Ketika KH Hasyim
Asy’ari Bergegas Mengumpulkan Para Santri
Pada tahun 1937
misalnya, pernah datang kepada Kiai Hasyim Asy’ari seorang ambtenar (utusan
pemerintah Hindia-Belanda) bermaksud memberikan tanda jasa berupa ‘Bintang
Jasa’ yang terbuat dari perak dan emas. Tetapi dengan tegas kakek KH
Abdurrahman Wahid (Gus Dur) menolak pemberian itu. (Choirul Anam, Pertumbuhan
dan Perkembangan NU, 1985)
Sikap ayah Kiai Wahid
Hasyim itu tidak lepas dari pandangan bahwa apa yang dilakukan Belanda hanya
intrik politik semata untuk menundukkan sikap kritis dan perjuangan para kiai
pesantren dalam melawan penjajah. Lalu, Hadratussyekh pun bergegas mengumpulkan
santrinya lalu berkata:
"Sepanjang
keterangan yang disampaikan oleh ahli riwayat, pada suatu ketika dipanggillah
Nabi Muhammad SAW oleh kakeknya Abdul Muthalib dan diberitahu bahwasanya
pemerintah jahiliyah di Mekkah telah mengambil keputusan menawarkan tiga hal
untuk Nabi Muhammad: 1) kedudukan yang tinggi; 2) harta benda yang berlimpah;
dan 3) gadis yang cantik.
Akan tetapi Baginda
Nabi Muhammad menolak ketiga-tiganya itu dan berkata di hadapan kakeknya, Abdul
Muthalib: “Demi Allah umpama mereka itu kuasa meletakkan matahari di tangan
kananku dan bulan di tangan kiriku dengan maksud agar aku berhenti berjuang,
aku tak akan mau.

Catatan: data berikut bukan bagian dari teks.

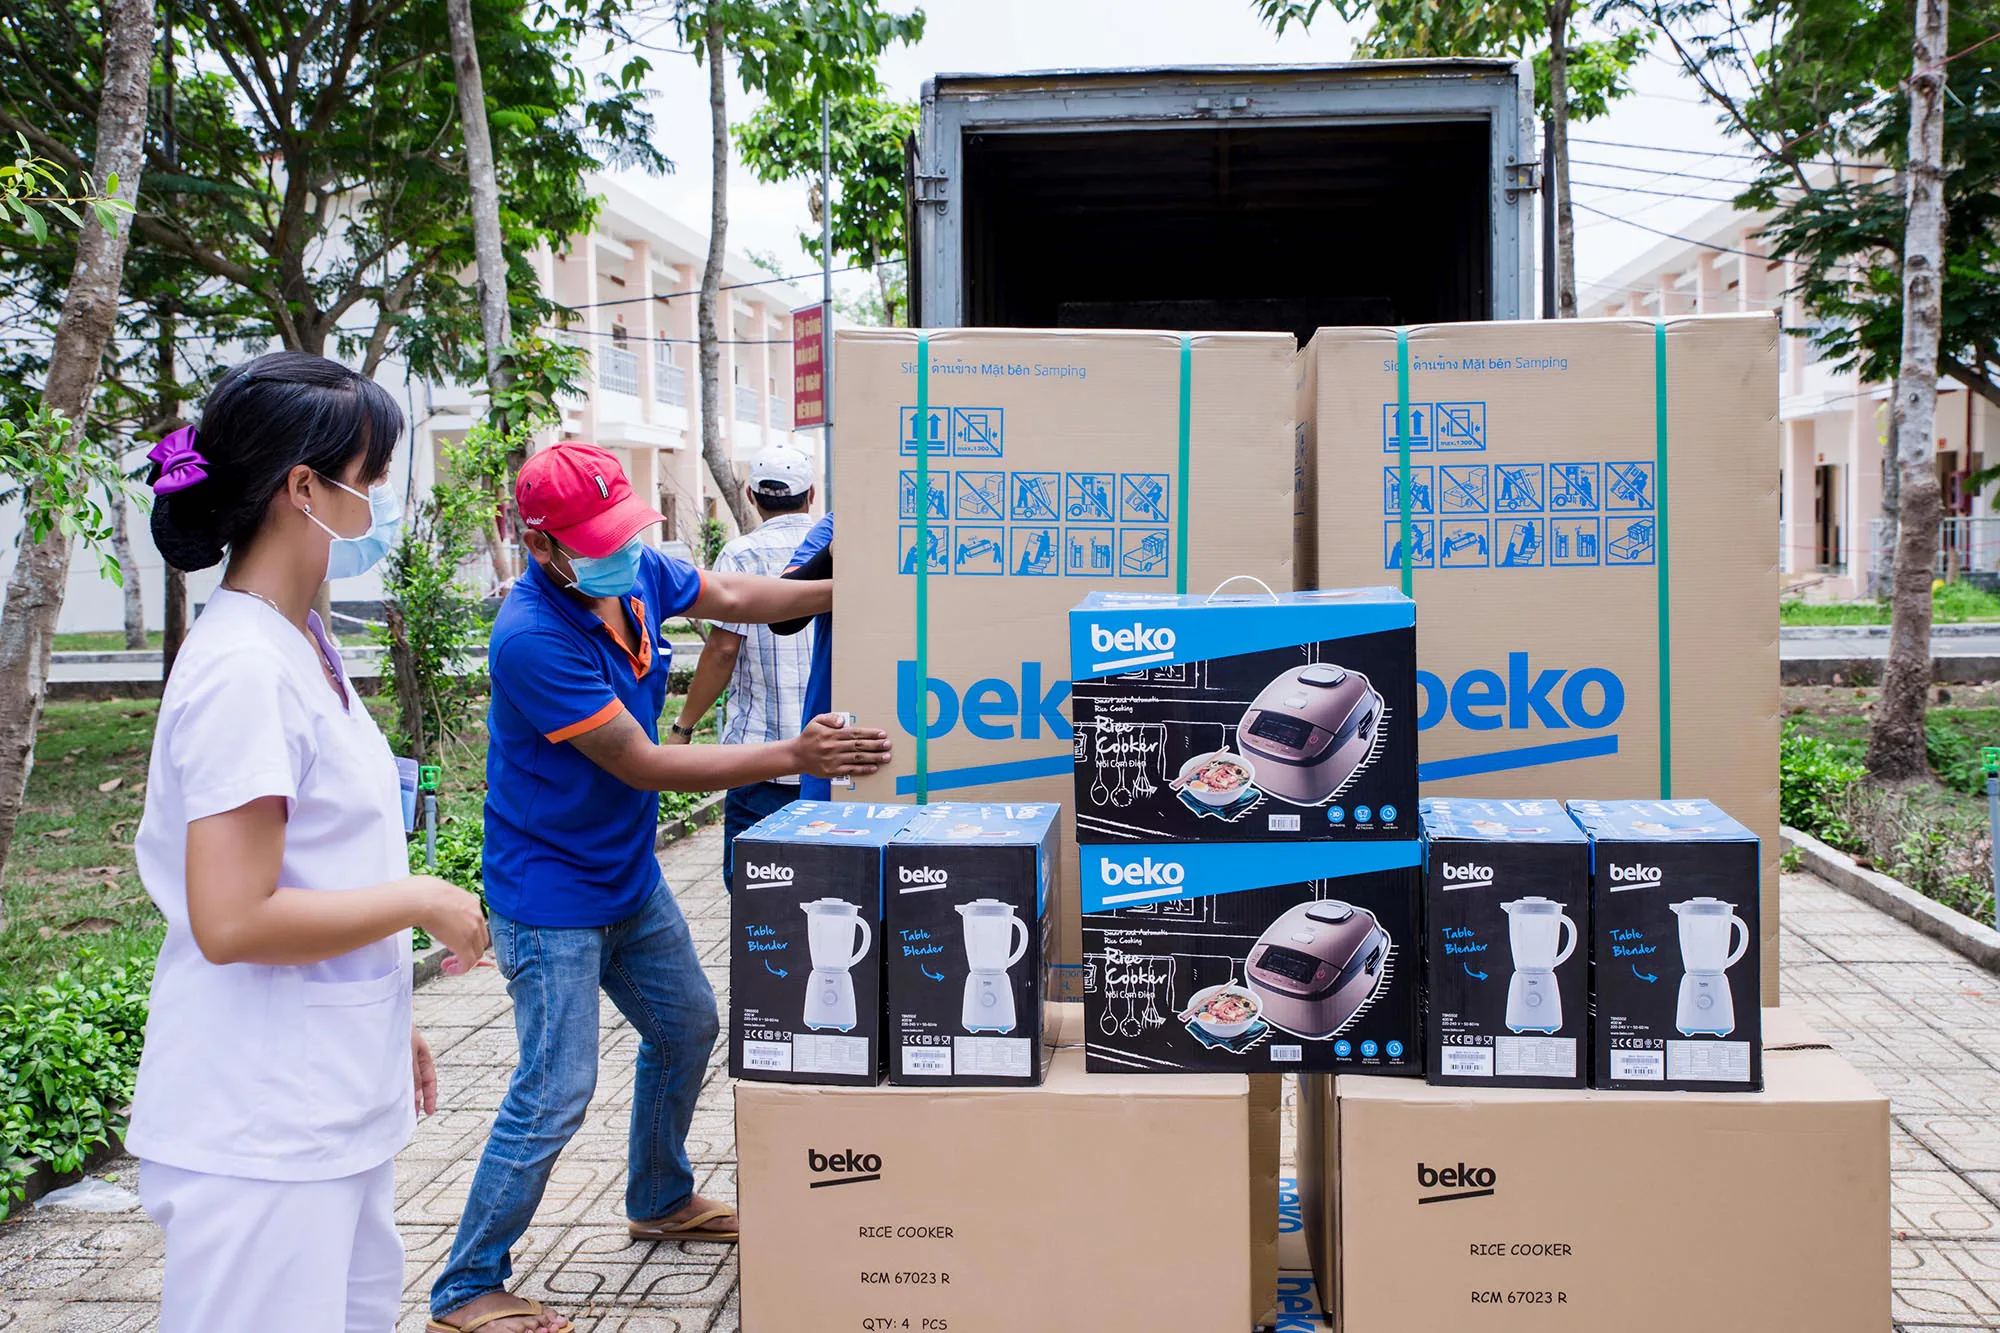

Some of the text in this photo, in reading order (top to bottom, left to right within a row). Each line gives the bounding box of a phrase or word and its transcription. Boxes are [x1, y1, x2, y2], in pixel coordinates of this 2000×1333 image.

[902, 361, 918, 374] Si
[981, 363, 1004, 378] Mật
[1007, 363, 1030, 376] bên
[1034, 364, 1087, 379] Samping
[1384, 360, 1399, 372] Si
[1462, 358, 1485, 372] Mật
[1488, 358, 1512, 370] bên
[1515, 356, 1568, 370] Samping
[1091, 623, 1176, 651] beko
[897, 660, 1073, 740] bek
[1094, 704, 1133, 713] Rice Cooking
[1094, 715, 1134, 733] Rice
[1097, 734, 1158, 753] Cooker
[746, 861, 794, 881] beko
[899, 866, 948, 884] beko
[1101, 857, 1184, 886] beko
[1443, 862, 1494, 881] beko
[1610, 863, 1662, 881] beko
[745, 925, 775, 936] Table
[900, 929, 931, 941] Table
[1442, 926, 1475, 939] Table
[1609, 928, 1643, 941] Table
[747, 941, 788, 952] Blender
[1104, 936, 1142, 946] Rice Cooking
[1444, 942, 1488, 955] Blender
[902, 944, 944, 957] Blender
[1104, 947, 1143, 965] Rice
[1612, 944, 1656, 957] Blender
[1106, 968, 1167, 985] Cooker
[808, 1149, 882, 1173] beko
[1418, 1163, 1496, 1188] beko
[859, 1226, 954, 1239] RICE COOKER
[1470, 1243, 1572, 1257] RICE COOKER
[861, 1271, 950, 1285] RCM 67023 R
[1471, 1291, 1568, 1304] RCM 67023 R
[862, 1318, 948, 1332] QTY: 4 PCS

Dan aku akan berjuang terus sampai cahaya Islam merata ke
mana-mana, atau aku gugur lebur menjadi korban.” Maka, kamu sekalian anakku,
hendaknya dapat meneladani Baginda Nabi Muhammad SAW dalam menghadapi segala
pesoalan."
Kiai Hasyim Asy’ari
merupakan salah satu ulama yang mempunyai sikap tegas terhadap penjajah.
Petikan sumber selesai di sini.